Виталий Шенталинский - Преступление без наказания: Документальные повести
Час одиночества и тьмы
Поезд с Дзержинским уже подходит к Петрограду. А там продолжается вакханалия арестов. Убийца Урицкого, не зная, что родные его уже в тюрьме, пишет им успокоительные записки, которые, разумеется, дальше следователей не идут и оседают в деле. Судя по тону, он не только обрел стойкость духа, но даже пребывает в некоторой эйфории.
«Умоляю не падать духом. Я совершенно спокоен. Читаю газеты и радуюсь. Постарайтесь переживать все за меня, а не за себя и будете счастливы». Это — отцу.

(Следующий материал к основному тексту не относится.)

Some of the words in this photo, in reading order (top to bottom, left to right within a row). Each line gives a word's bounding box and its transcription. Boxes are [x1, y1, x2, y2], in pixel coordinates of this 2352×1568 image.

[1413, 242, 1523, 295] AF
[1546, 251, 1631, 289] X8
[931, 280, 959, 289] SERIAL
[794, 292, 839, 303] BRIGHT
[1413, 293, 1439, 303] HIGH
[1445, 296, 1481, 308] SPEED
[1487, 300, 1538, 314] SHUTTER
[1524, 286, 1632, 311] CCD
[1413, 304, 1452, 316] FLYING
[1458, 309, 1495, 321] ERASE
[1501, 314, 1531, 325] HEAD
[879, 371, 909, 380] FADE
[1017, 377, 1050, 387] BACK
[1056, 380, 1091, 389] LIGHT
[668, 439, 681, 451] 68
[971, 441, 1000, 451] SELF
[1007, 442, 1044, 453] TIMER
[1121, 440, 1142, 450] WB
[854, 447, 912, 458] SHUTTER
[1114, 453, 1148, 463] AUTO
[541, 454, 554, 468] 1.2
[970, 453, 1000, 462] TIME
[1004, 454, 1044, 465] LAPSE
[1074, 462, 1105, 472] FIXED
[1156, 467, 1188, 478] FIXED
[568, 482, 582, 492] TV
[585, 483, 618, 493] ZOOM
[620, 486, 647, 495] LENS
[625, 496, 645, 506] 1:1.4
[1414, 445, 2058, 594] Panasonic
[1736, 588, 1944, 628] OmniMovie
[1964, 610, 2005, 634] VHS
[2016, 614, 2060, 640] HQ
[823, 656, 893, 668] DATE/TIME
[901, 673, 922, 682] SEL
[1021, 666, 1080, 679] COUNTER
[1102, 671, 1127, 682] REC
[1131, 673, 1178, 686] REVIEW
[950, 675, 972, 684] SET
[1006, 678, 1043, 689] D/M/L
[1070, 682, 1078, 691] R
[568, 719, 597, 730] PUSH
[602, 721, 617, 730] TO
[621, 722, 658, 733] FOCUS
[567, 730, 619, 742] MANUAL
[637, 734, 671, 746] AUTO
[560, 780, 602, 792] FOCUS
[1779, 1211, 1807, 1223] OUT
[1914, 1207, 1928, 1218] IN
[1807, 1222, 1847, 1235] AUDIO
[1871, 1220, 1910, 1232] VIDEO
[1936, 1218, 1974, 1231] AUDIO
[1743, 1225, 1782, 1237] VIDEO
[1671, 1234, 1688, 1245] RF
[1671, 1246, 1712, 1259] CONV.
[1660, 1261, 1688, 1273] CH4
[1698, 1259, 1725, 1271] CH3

Что же он читает в газетах, которые, стало быть, дают ему в тюрьме? Петроградские газеты 31 августа залиты трауром, кроме срочного сообщения о покушении на Ленина, они информируют о церемониале предстоящих торжественных похорон Урицкого на Марсовом поле. «Пуля попала в глаз, смерть последовала через час», — нечаянно рифмует «Северная коммуна», что наверняка не ускользает от внимания поэта-террориста. И лозунги, лозунги, лозунги разлетаются шрапнелью, один кровожадней другого! «Ответим на белый террор контрреволюции красным террором революции!» «За каждого нашего вождя — тысяча ваших голов!» «Они убивают личностей, мы убьем классы!» «Смерть буржуазии!»
Чему же он радуется? Неужто не понимает, что содеял? Неужели ему не жалко своих близких, которых он прежде всего ставит под удар? Неужели еще не уразумел, что за одного Урицкого погибнут тысячи невинных по всей стране, что кровь его жертвы не только не искупит крови его погибших друзей, но вызовет целые реки, целое море новой крови? Или наивно верит: его выстрел — сигнал к восстанию, начало конца для большевиков? Кто-то должен начать, а там само пойдет, заполыхает, все равно им разбойничать недолго. Так тогда думали многие. Юный делатель истории не видит: его теракт, его личный подвиг лишь на руку большевикам, которые только тысячекратно превосходящим террором в состоянии удержать власть.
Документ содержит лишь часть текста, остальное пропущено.